Crucially, with renewable energy growth actively suppressing fossil fuel consumption in 2025, power-sector emissions registered a slight decrease despite the overall rise in demand. In 2025, the global average kilowatt hour produced generated 458 gCO2e, a 2.7% reduction from 2024 (471 gCO2e) and a notable 16% decrease from 2005 levels (543 gCO2e).

The electrification of key sectors, particularly transport and data centers, is poised to drive further increases in electricity demand in the coming years. Electric vehicle (EV) sales surpassed 25% of the global car market in 2025, firmly establishing EVs as a structural driver of electricity demand growth, contributing approximately 8% (66 TWh) to the 849 TWh global rise in 2025, up from 36 TWh in 2024. This burgeoning EV fleet displaced a substantial 1.8 mbpd of oil demand in 2025, with new EVs alone displacing 0.5 mbpd. This additional transport electrification in 2025 will avoid roughly 80 MtCO2e emissions annually, exceeding the total annual power sector emissions of the UK.

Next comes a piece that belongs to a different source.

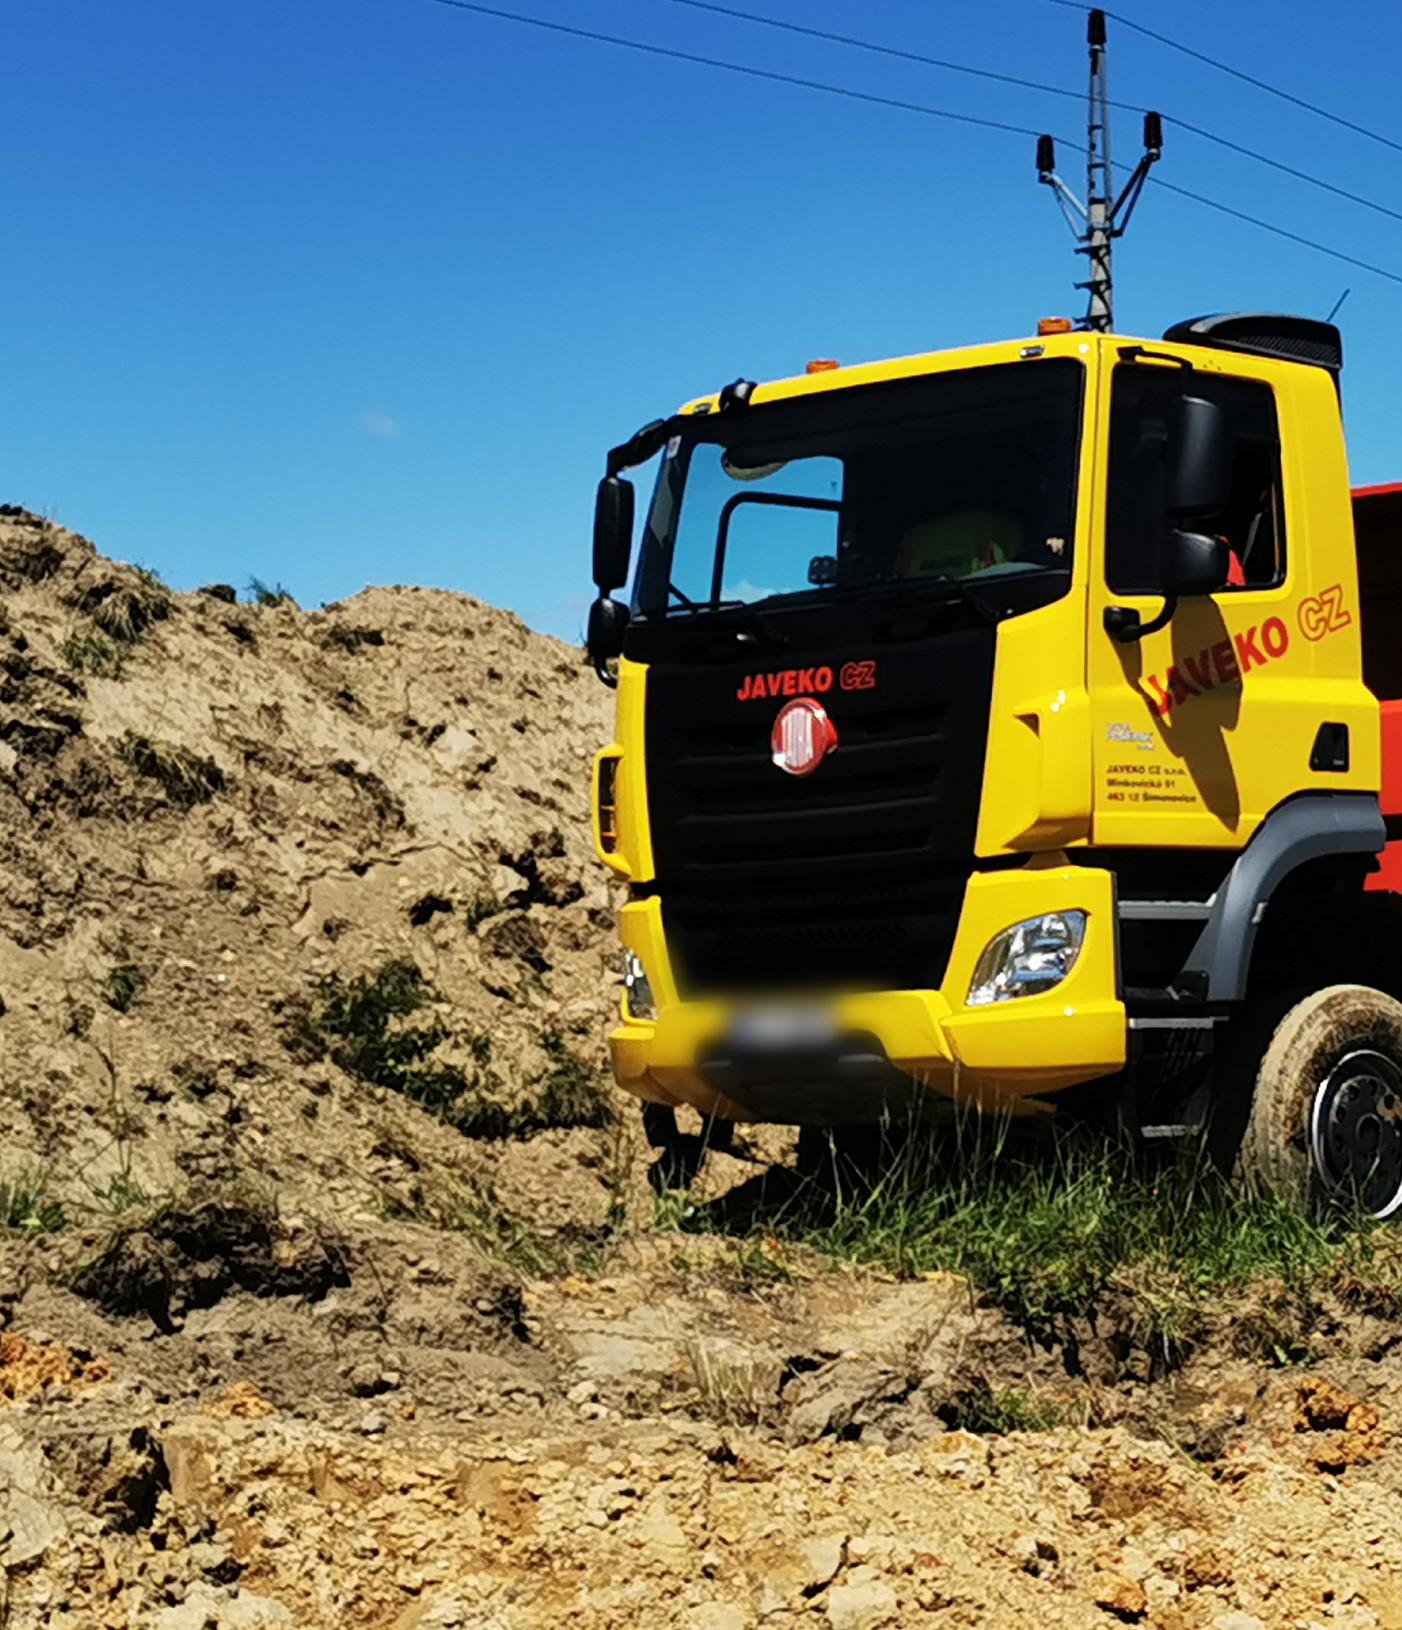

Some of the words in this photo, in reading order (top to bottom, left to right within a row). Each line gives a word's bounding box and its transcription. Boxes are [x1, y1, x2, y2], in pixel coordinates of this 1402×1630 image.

[737, 666, 834, 700] JAVEKO
[839, 661, 877, 690] CZ
[1147, 616, 1290, 718] JAVEKO
[1297, 584, 1352, 642] CZ

Further expansion of renewables to meet this growing demand from sectors like transport is being significantly bolstered by the accelerating rollout of energy storage technologies. Falling battery prices are catalyzing rapid deployment. Battery pack prices for stationary storage applications dropped to a record low of $70/kWh in 2025, representing a steep 45% decline from 2024. Global battery storage capacity additions reached an estimated 247 gigawatt hours (GWh), an impressive 46% increase year-on-year. This capacity is sufficient to shift approximately 14% of daily solar generation to other hours, up from 13% in 2024 and just 5% in 2022, enhancing grid stability and further eroding the rationale for traditional baseload power from fossil fuels.